Work instruction - Start at the top of the records below and copy them exactly to the end.

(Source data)
-------
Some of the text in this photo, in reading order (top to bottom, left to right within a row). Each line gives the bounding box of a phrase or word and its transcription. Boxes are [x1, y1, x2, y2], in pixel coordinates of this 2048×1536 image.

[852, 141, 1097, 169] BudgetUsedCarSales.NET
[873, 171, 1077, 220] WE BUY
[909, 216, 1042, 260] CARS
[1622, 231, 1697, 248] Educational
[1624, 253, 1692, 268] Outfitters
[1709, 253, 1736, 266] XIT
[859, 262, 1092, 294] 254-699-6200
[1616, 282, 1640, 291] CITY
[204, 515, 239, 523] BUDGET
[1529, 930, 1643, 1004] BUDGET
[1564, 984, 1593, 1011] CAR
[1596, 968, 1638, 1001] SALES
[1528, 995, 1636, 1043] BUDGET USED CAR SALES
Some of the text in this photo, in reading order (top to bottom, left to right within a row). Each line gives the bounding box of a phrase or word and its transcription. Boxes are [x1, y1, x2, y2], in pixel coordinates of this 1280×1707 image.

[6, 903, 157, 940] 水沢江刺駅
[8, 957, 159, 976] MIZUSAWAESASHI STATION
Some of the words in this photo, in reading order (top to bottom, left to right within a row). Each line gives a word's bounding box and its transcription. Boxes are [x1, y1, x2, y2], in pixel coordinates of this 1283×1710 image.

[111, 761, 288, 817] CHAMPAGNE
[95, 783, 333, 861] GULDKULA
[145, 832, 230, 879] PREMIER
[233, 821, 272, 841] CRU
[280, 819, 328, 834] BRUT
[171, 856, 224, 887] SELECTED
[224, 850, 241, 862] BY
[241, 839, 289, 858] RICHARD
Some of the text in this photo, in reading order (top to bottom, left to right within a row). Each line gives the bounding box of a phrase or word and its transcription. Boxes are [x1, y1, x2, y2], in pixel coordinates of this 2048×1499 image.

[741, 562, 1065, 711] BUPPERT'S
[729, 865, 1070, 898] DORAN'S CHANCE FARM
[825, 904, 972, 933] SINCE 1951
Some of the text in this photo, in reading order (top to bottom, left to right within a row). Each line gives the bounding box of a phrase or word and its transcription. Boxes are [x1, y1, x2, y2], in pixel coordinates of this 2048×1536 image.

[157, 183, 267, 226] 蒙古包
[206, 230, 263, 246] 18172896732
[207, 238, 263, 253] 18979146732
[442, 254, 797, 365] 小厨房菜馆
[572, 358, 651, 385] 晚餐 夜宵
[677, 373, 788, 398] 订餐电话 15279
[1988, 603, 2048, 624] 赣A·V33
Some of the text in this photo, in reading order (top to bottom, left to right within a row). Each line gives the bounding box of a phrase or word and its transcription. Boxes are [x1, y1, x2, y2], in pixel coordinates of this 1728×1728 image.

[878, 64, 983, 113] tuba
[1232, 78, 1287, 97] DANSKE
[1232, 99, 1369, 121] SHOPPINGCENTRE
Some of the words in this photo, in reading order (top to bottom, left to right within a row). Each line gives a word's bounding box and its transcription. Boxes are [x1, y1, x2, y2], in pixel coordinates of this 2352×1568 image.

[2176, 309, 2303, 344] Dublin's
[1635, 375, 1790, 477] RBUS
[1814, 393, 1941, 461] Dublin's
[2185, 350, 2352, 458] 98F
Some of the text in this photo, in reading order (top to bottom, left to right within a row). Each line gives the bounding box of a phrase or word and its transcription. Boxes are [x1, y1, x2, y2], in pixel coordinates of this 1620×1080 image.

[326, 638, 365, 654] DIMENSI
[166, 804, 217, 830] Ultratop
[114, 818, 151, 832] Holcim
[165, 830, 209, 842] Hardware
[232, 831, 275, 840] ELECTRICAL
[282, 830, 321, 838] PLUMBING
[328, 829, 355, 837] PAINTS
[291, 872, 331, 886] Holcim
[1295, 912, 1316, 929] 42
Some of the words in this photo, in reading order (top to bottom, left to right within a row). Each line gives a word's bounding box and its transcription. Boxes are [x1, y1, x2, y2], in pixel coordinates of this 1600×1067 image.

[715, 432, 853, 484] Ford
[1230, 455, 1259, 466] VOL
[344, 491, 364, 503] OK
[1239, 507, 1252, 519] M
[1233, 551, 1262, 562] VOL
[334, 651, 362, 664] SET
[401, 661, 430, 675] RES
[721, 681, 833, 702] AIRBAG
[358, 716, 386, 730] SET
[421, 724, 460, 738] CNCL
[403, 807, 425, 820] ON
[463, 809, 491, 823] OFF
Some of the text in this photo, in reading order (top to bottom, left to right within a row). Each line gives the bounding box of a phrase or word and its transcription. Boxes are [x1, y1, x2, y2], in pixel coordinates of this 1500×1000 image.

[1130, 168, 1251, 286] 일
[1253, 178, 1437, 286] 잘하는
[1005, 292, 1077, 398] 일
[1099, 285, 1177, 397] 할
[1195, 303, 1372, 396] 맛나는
-------
Response to the exercise -
Some of the text in this photo, in reading order (top to bottom, left to right within a row). Each line gives the bounding box of a phrase or word and its transcription. Boxes are [x1, y1, x2, y2], in pixel coordinates of this 2048×1536 image.

[852, 141, 1097, 169] BudgetUsedCarSales.NET
[873, 171, 1077, 220] WE BUY
[909, 216, 1042, 260] CARS
[1622, 231, 1697, 248] Educational
[1624, 253, 1692, 268] Outfitters
[1709, 253, 1736, 266] XIT
[859, 262, 1092, 294] 254-699-6200
[1616, 282, 1640, 291] CITY
[204, 515, 239, 523] BUDGET
[1529, 930, 1643, 1004] BUDGET
[1564, 984, 1593, 1011] CAR
[1596, 968, 1638, 1001] SALES
[1528, 995, 1636, 1043] BUDGET USED CAR SALES
Some of the text in this photo, in reading order (top to bottom, left to right within a row). Each line gives the bounding box of a phrase or word and its transcription. Boxes are [x1, y1, x2, y2], in pixel coordinates of this 1280×1707 image.

[6, 903, 157, 940] 水沢江刺駅
[8, 957, 159, 976] MIZUSAWAESASHI STATION
Some of the words in this photo, in reading order (top to bottom, left to right within a row). Each line gives a word's bounding box and its transcription. Boxes are [x1, y1, x2, y2], in pixel coordinates of this 1283×1710 image.

[111, 761, 288, 817] CHAMPAGNE
[95, 783, 333, 861] GULDKULA
[145, 832, 230, 879] PREMIER
[233, 821, 272, 841] CRU
[280, 819, 328, 834] BRUT
[171, 856, 224, 887] SELECTED
[224, 850, 241, 862] BY
[241, 839, 289, 858] RICHARD
Some of the text in this photo, in reading order (top to bottom, left to right within a row). Each line gives the bounding box of a phrase or word and its transcription. Boxes are [x1, y1, x2, y2], in pixel coordinates of this 2048×1499 image.

[741, 562, 1065, 711] BUPPERT'S
[729, 865, 1070, 898] DORAN'S CHANCE FARM
[825, 904, 972, 933] SINCE 1951
Some of the text in this photo, in reading order (top to bottom, left to right within a row). Each line gives the bounding box of a phrase or word and its transcription. Boxes are [x1, y1, x2, y2], in pixel coordinates of this 2048×1536 image.

[157, 183, 267, 226] 蒙古包
[206, 230, 263, 246] 18172896732
[207, 238, 263, 253] 18979146732
[442, 254, 797, 365] 小厨房菜馆
[572, 358, 651, 385] 晚餐 夜宵
[677, 373, 788, 398] 订餐电话 15279
[1988, 603, 2048, 624] 赣A·V33
Some of the text in this photo, in reading order (top to bottom, left to right within a row). Each line gives the bounding box of a phrase or word and its transcription. Boxes are [x1, y1, x2, y2], in pixel coordinates of this 1728×1728 image.

[878, 64, 983, 113] tuba
[1232, 78, 1287, 97] DANSKE
[1232, 99, 1369, 121] SHOPPINGCENTRE
Some of the words in this photo, in reading order (top to bottom, left to right within a row). Each line gives a word's bounding box and its transcription. Boxes are [x1, y1, x2, y2], in pixel coordinates of this 2352×1568 image.

[2176, 309, 2303, 344] Dublin's
[1635, 375, 1790, 477] RBUS
[1814, 393, 1941, 461] Dublin's
[2185, 350, 2352, 458] 98F
Some of the text in this photo, in reading order (top to bottom, left to right within a row). Each line gives the bounding box of a phrase or word and its transcription. Boxes are [x1, y1, x2, y2], in pixel coordinates of this 1620×1080 image.

[326, 638, 365, 654] DIMENSI
[166, 804, 217, 830] Ultratop
[114, 818, 151, 832] Holcim
[165, 830, 209, 842] Hardware
[232, 831, 275, 840] ELECTRICAL
[282, 830, 321, 838] PLUMBING
[328, 829, 355, 837] PAINTS
[291, 872, 331, 886] Holcim
[1295, 912, 1316, 929] 42
Some of the words in this photo, in reading order (top to bottom, left to right within a row). Each line gives a word's bounding box and its transcription. Boxes are [x1, y1, x2, y2], in pixel coordinates of this 1600×1067 image.

[715, 432, 853, 484] Ford
[1230, 455, 1259, 466] VOL
[344, 491, 364, 503] OK
[1239, 507, 1252, 519] M
[1233, 551, 1262, 562] VOL
[334, 651, 362, 664] SET
[401, 661, 430, 675] RES
[721, 681, 833, 702] AIRBAG
[358, 716, 386, 730] SET
[421, 724, 460, 738] CNCL
[403, 807, 425, 820] ON
[463, 809, 491, 823] OFF
Some of the text in this photo, in reading order (top to bottom, left to right within a row). Each line gives the bounding box of a phrase or word and its transcription. Boxes are [x1, y1, x2, y2], in pixel coordinates of this 1500×1000 image.

[1130, 168, 1251, 286] 일
[1253, 178, 1437, 286] 잘하는
[1005, 292, 1077, 398] 일
[1099, 285, 1177, 397] 할
[1195, 303, 1372, 396] 맛나는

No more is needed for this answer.